Species Are Spreading Like Never Before
Plants and animals are expanding their ranges farther and faster these days than ever before in the planet's history. A paper published in the journal Conservation Biology asserts that humans have lately propelled an unprecedented spread of invasive species. Organisms of all kinds have hitched rides to new territory on boats, cars and planes. People have also deliberately introduced exotic plants and animals for food and other products, or to simply enjoy.
Mass invasions of species are certainly not new. They've occurred many times over the last 25 million years, often triggered by a changing climate or the merging or breaking apart of continents. Most studied is the joining of South America with Central America when the Panama isthmus formed three million years ago. The land bridge enabled 37 types of animals to move to a new continent.
But the current rate and scale of organisms moving to new continents, islands and oceans is many magnitudes greater than anything the world has previously experienced.

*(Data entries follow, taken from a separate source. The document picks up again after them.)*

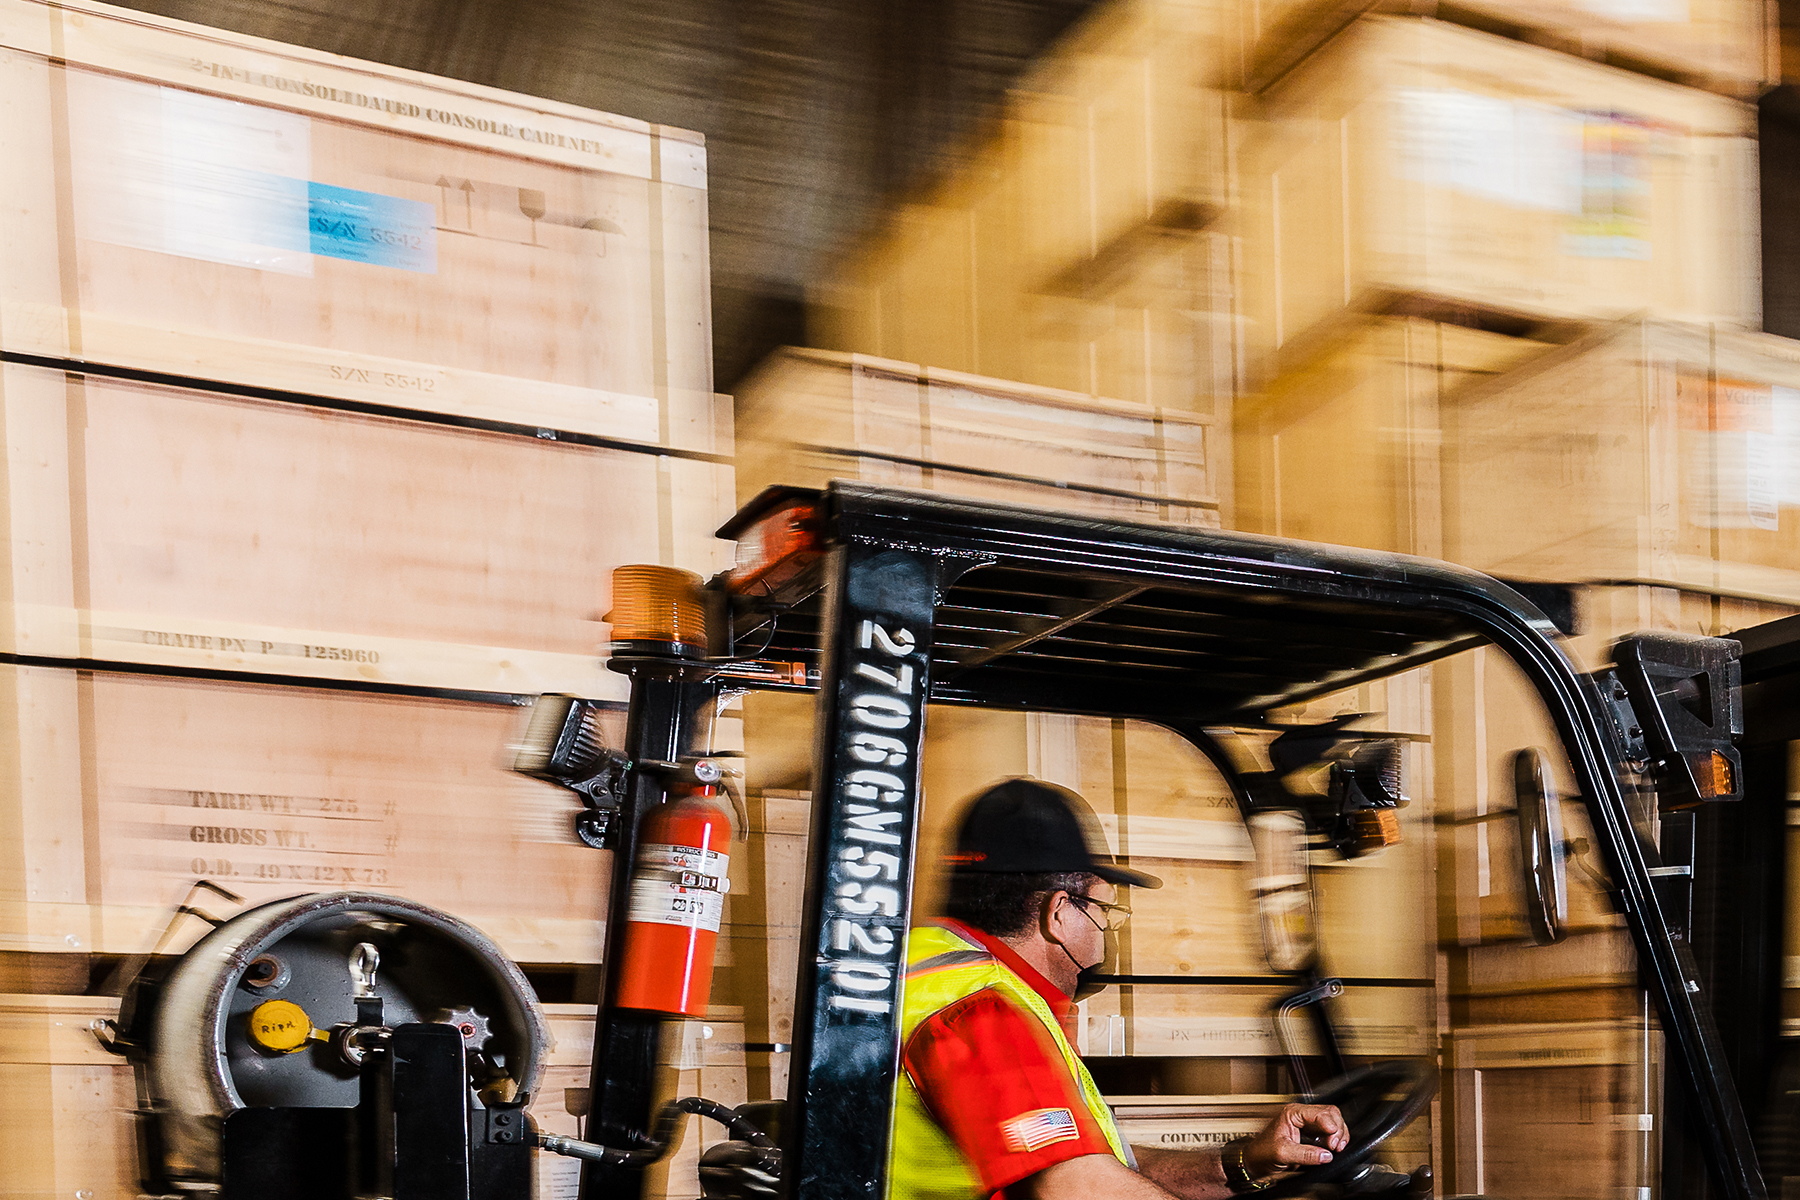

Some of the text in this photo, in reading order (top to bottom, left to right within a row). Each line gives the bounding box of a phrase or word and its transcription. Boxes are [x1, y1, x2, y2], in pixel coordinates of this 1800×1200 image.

[261, 73, 420, 117] CONSOLIDATED
[426, 108, 514, 138] CONSOLE
[519, 126, 604, 155] CABINET
[317, 217, 356, 238] S/N
[330, 365, 435, 392] S/N 5542
[142, 630, 380, 664] CRATE PN P 125960
[188, 790, 251, 811] TARE
[259, 794, 301, 814] WT.
[319, 797, 359, 814] 275
[189, 825, 267, 847] GROSS
[274, 829, 316, 849] WT.
[190, 857, 388, 884] O.D. 49 X 42 X 73
[1170, 1030, 1190, 1042] PN

Evidence for the prehistoric spread of species comes from uncovering ancient pollen and fossils. These have revealed, for instance, how often new species have landed on the Hawaiian Islands. Before humans arrived, Hawaii received 30 new species every million years. Once Polynesians settled there, the rate increased to 20,000 new species per million years. In the last 200 years, the Islands have been gaining new species at a rate of 20 million per million years, or 20 a year.
The accelerated spread of species is occurring not just on land, but also in lakes and oceans. New fish established in the Great Lakes at the rate of 1.7 species a century in prehistoric times. Now it's 20 species a century.
The marine waters of San Francisco Bay used to gain five new types of inhabitants a century. That increased to 170 per century when Europeans began using the area. In the last 30 years, new species moved into San Francisco Bay at the rate of 370 a century.
Besides an accelerated rate of dispersal, other prominent differences exist between the human-driven biological invasions and prehistoric ones. Notably, these days species are travelling between distant continents rather that just adjacent ones.
Europeans colonizing New Zealand and Australia brought with them from home rabbits, deer, sparrows and many other mammals and birds that otherwise could never have gotten to the South Pacific.
Similarly, ballast water discharged from ships has carried many organisms from the Black and Caspian Seas across the Atlantic Ocean and released them into the Great Lakes. The present movement of species is for the first time planet-wide in scope, rather than just a regional event.
Consequently, invasive species are now pervasive. An estimate published ten years ago determined that 3% of the world's uncultivated land area that supports vegetation was dominated by exotic plants.
On continents, 10% of plants, 13% of fish and 3% of birds come from those introduced by people in the last five hundred years. We've altered island biota even more. An average of 24% of plants, 76% of fish and 21% of birds established on islands today are not native species.
The swift spread of invasive species has led to extinctions and a homogenization of plants and animals around the world. The ecological ramifications of multiple biological invasions are rapid and rampant. Several invasive species descending on a region in quick succession can potentially change the local ecology enough to facilitate even more invasions. This hypothetical positive feedback loop is what biologists term an "invasional meltdown."
Anthony Ricciardi. 2007. Are Modern Biological Invasions an Unprecedented Form of Global Change? Conservation Biology. 21(2): 329-336.